A blockbuster restaurant deal that was supposed to help anchor a post-pandemic recovery at Prudential Plaza has curdled into a $1.2 million legal brawl.
Wanxiang Sterling Stetson Owner, LLC, the ownership entity for the iconic Chicago office towers at 130 East Randolph Street, filed a lawsuit this week against legendary restaurateur Alex Dana and his Rosebud restaurant entity that ran a three-level location within the building from 2022 to 2025.
Dana is the force propelling the well-known Rosebud and Carmine’s Italian restaurant brands that have multiple locations throughout Chicagoland, including a Carmine’s at 1037 North Rush Street that was recently renovated to the tune of $4 million.
Wanxiang, an affiliate of a Chinese auto parts conglomerate with a major commercial real estate investment arm led by Chicago-based Larry Krueger, seeks a seven-figure sum in damages for Dana’s and Rosebud’s alleged breaches of lease terms that it claims cost substantial expenses for repairs.
Rosebud and Dana didn’t return a request for comment sent to the restaurant group’s corporate office through its website’s contact form. Krueger and attorneys for the landlord didn’t return requests for comment made via email, text message and voicemail.
Wanxiang co-owns Pru Plaza with Sterling Bay after buying it for $680 million in 2018.
The dispute marks a bitter turn for the Rosebud lease that began with high-octane hype. In early 2020, just before the pandemic decimated downtown foot traffic, Dana announced Rosebud would take over the former Tavern at the Park space within the 2.3 million-square-foot office complex. The 18,500-square-foot, three-story trophy space overlooking Millennium Park was seen as a timely vote of confidence by Rosebud in the Loop’s retail future.
However, the white tablecloth dream allegedly became a nightmare. Friction peaked in February 2025 when the heat failed on the restaurant’s third floor, according to the complaint filed Wednesday in Cook County Circuit Court. Rather than alerting the building’s engineering team, Rosebud reportedly attempted a do-it-yourself fix, allegedly in breach of its lease with Wanxiang. The botched reheating caused frozen sprinkler lines to burst, triggering a catastrophic flood that the landlord claims Rosebud failed to properly mitigate.
The financial fallout is just as messy. Wanxiang alleges Rosebud stopped paying rent in January 2025 and occupied the premises for nearly 10 months without payment before the landlord finally terminated the 15-year lease for cause in October. The outstanding tab for rent and late fees currently approaches $500,000. Most explosive is the claim that Rosebud and Dana falsely blamed repair delays on slow insurers while allegedly secretly pocketing two payments in April 2025 totaling $471,036 — funds the lease required they assign to the landlord for building remediation, according to the suit.

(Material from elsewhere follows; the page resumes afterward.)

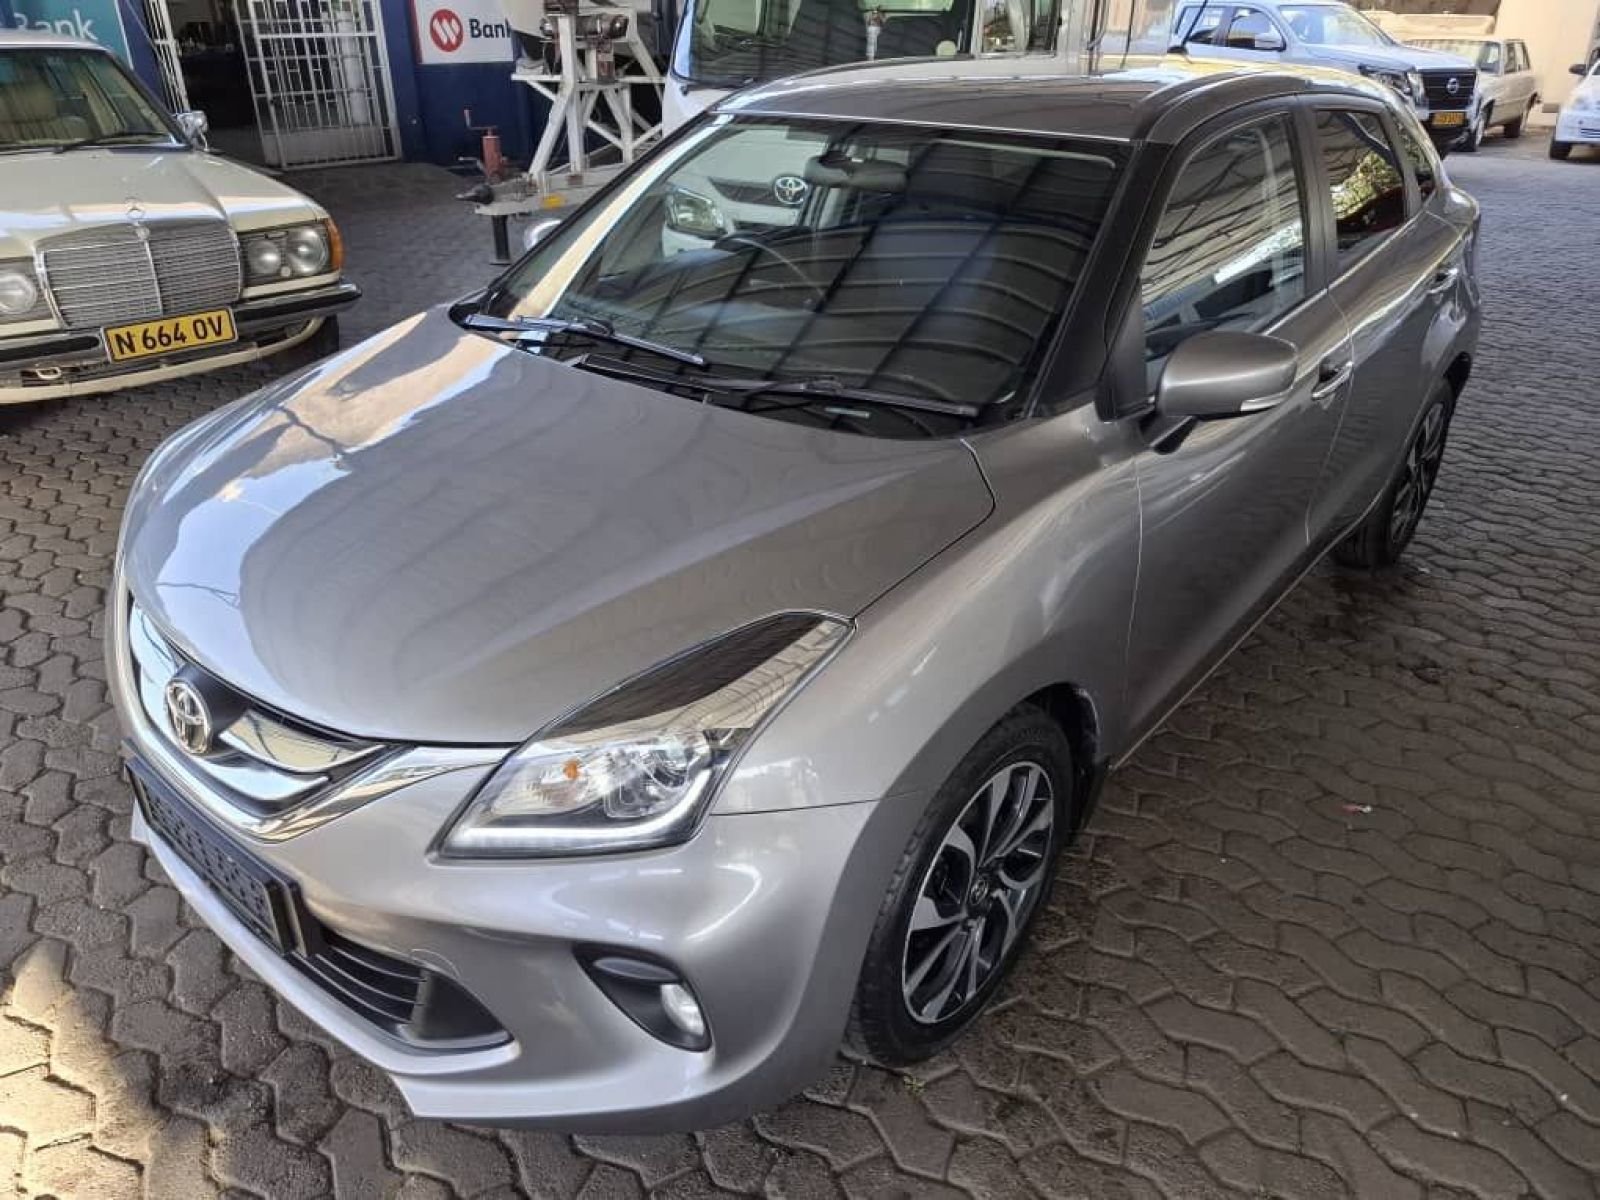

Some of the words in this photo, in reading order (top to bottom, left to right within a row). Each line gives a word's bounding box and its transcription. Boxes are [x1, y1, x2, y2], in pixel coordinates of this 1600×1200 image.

[114, 330, 136, 355] N
[141, 322, 188, 350] 664
[192, 314, 222, 340] OV

The legal firestorm comes at a precarious time for the property. Wanxiang in early 2024 narrowly avoided a financial cliff, committing $50 million for an overhaul of the complex to secure an extension on its $389 million commercial mortgage-backed securities loan maturity, from 2025 to 2027, with options to extend again until 2029. The property had been sent to special servicing in June 2023 for “imminent monetary default” before being returned as a “corrected mortgage” in early 2024, according to loan servicer notes collected by Morningstar Credit.
Despite securing a win by landing architecture firm HOK as a tenant in 2024, the complex is still feeling the office market squeeze hampering much of downtown Chicago. Occupancy at Prudential Plaza fell to 68 percent for the 12 months ended Dec. 31, 2025, down from 75 percent in 2023, according to loan servicer data. While the property generated $74.7 million in revenue and $37.5 million in net operating income last year, effective gross income was down nearly 10 percent year-over-year, loan data shows.
Wanxiang and its building management partner, Sterling Bay, also settled a lawsuit the property’s previous namesake tenant Prudential Insurance brought against the landlords in 2020 over an alleged failure to pay $10 million breakup fee for the complex’s naming rights. Terms of the settlement, which was approved by the court in late 2023, haven’t been publicly disclosed.